- Action item: Each record below must be reproduced exactly as it reads, with its images omitted.

- The data:
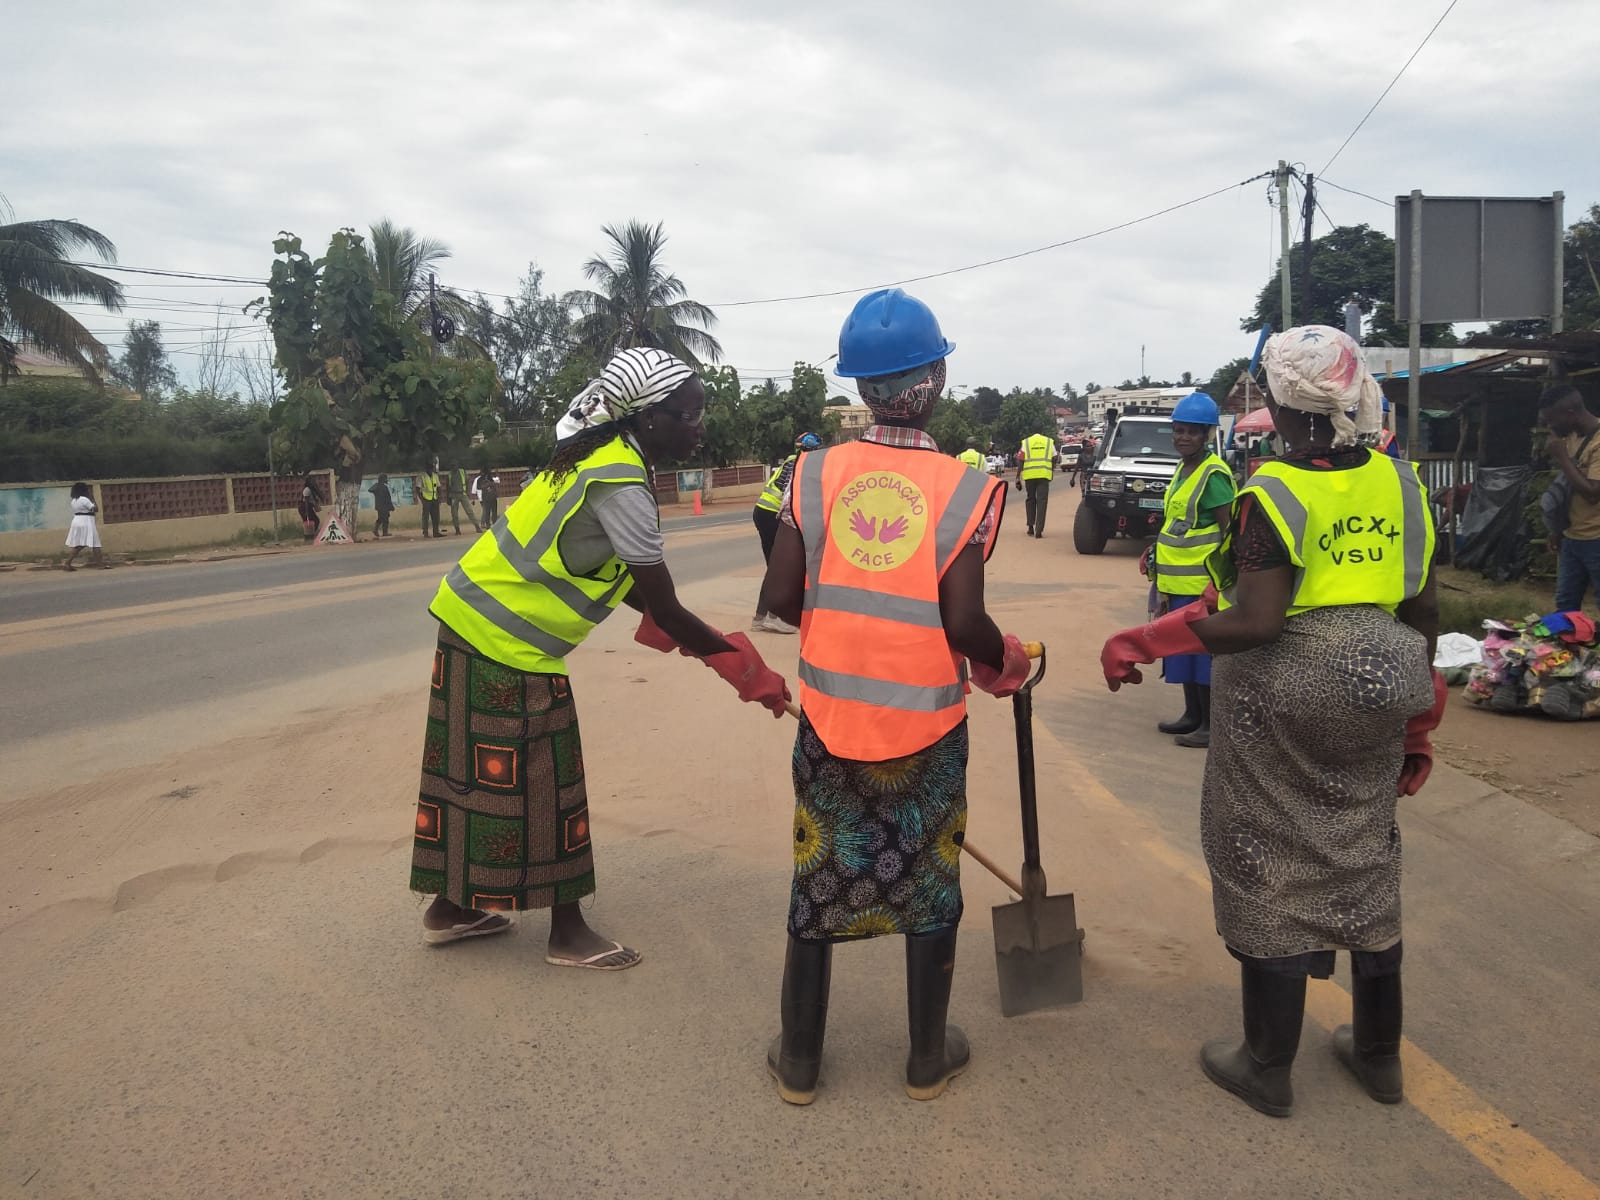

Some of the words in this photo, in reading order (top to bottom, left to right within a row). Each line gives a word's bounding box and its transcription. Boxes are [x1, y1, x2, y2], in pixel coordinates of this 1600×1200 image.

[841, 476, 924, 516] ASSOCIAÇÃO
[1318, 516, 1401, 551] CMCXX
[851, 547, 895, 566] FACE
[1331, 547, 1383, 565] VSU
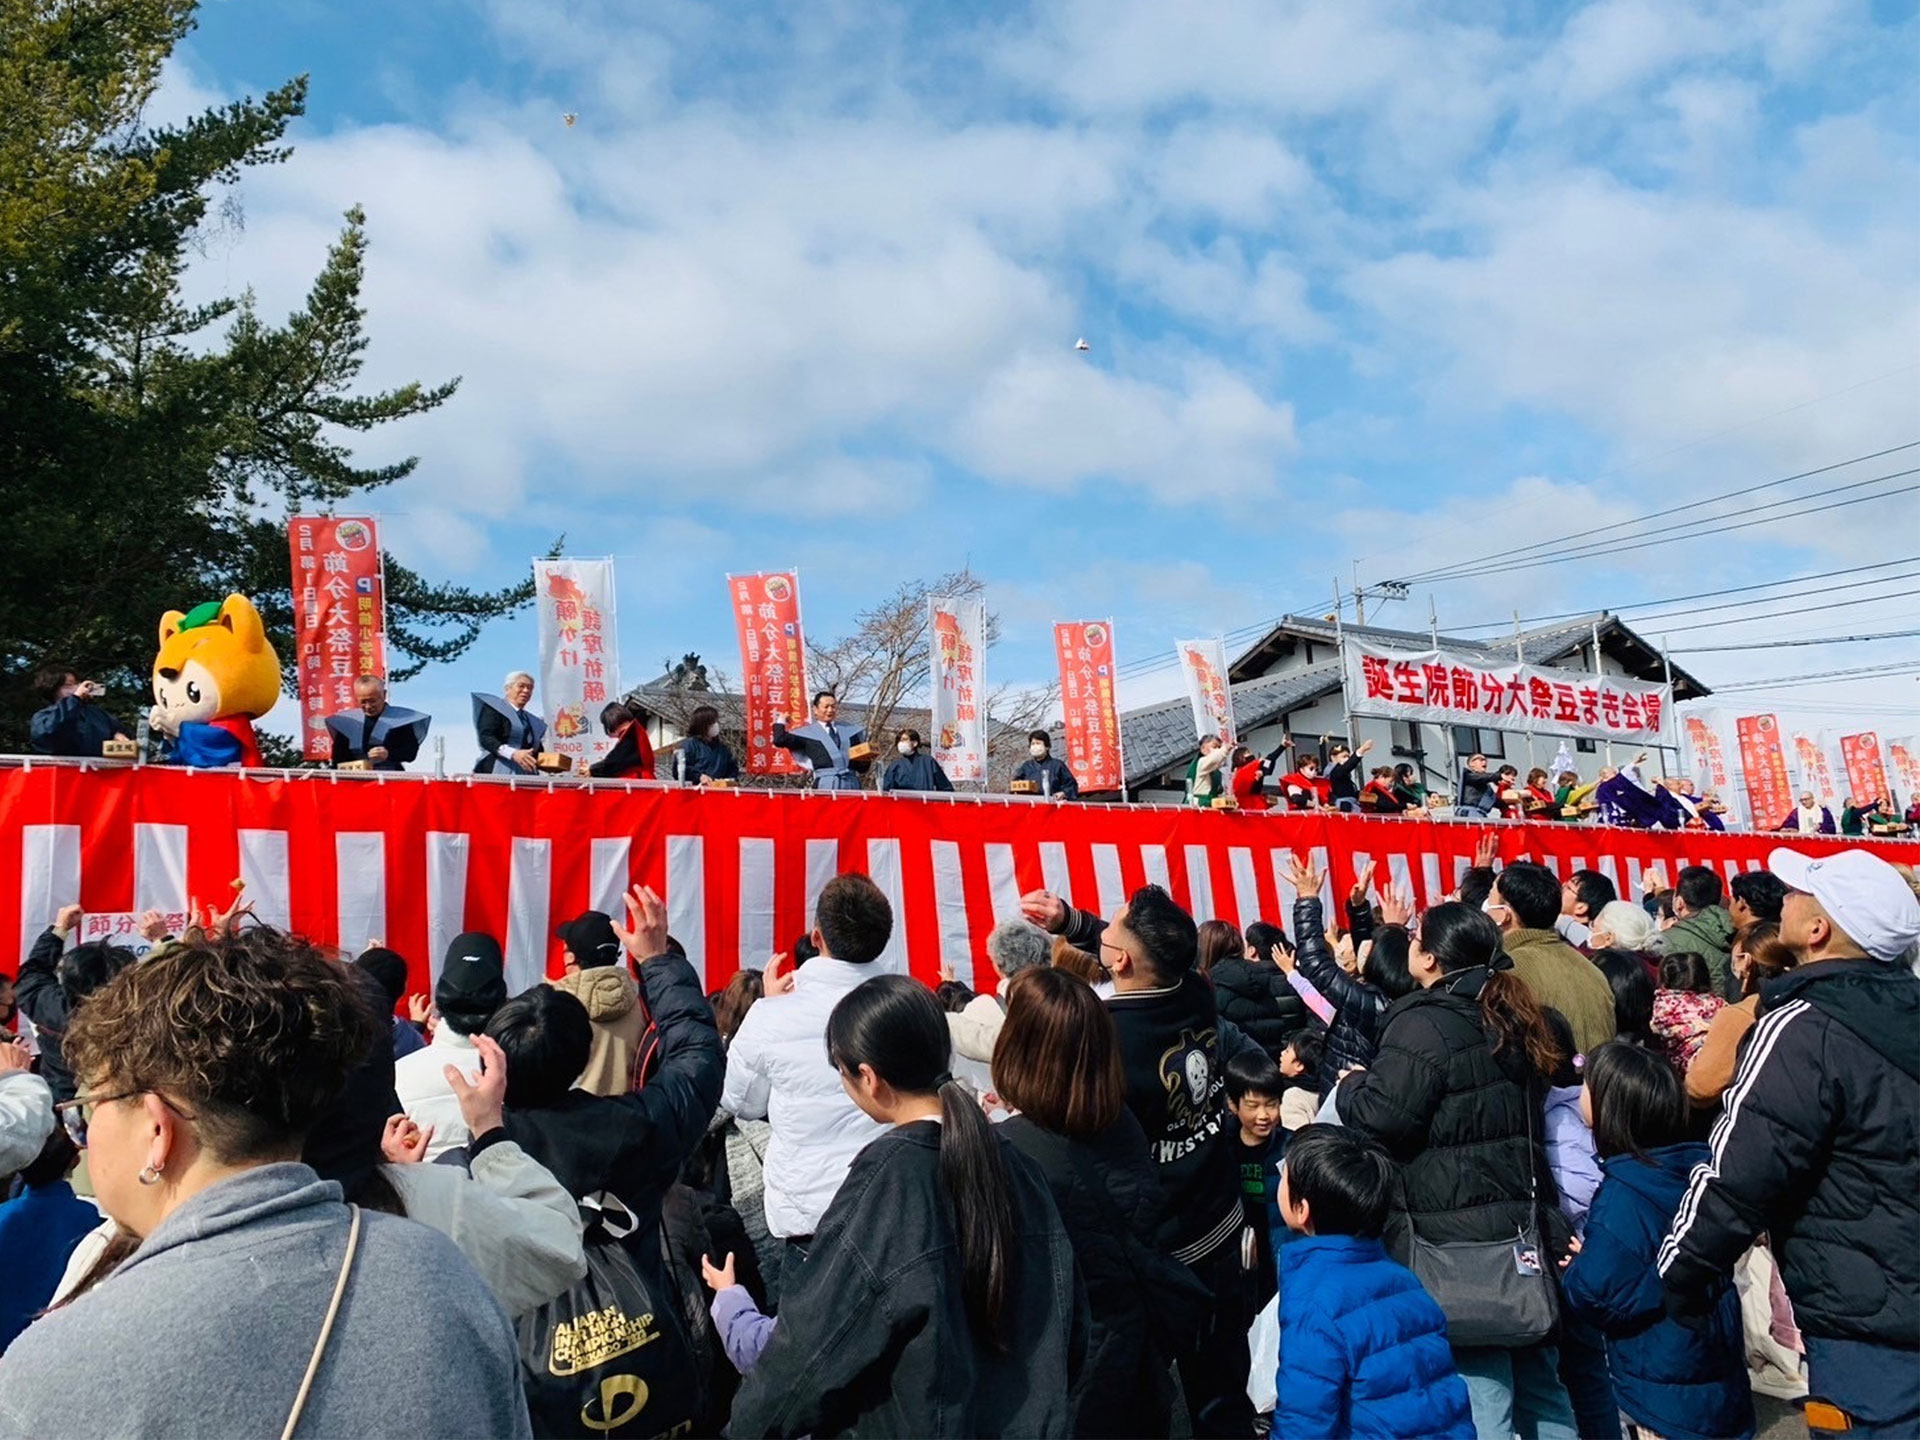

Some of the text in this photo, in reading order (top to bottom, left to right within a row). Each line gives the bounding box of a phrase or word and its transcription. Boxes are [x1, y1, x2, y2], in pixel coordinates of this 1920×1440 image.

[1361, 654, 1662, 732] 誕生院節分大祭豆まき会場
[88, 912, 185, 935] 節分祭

- Answer to this problem:
Some of the words in this photo, in reading order (top to bottom, left to right within a row). Each line gives a word's bounding box and its transcription. Boxes are [x1, y1, x2, y2], in pixel coordinates of this 1600×1200 image.

[841, 476, 924, 516] ASSOCIAÇÃO
[1318, 516, 1401, 551] CMCXX
[851, 547, 895, 566] FACE
[1331, 547, 1383, 565] VSU

Some of the text in this photo, in reading order (top to bottom, left to right within a row). Each line gives the bounding box of a phrase or word and its transcription. Boxes are [x1, y1, x2, y2], in pixel coordinates of this 1920×1440 image.

[1361, 654, 1662, 732] 誕生院節分大祭豆まき会場
[88, 912, 185, 935] 節分祭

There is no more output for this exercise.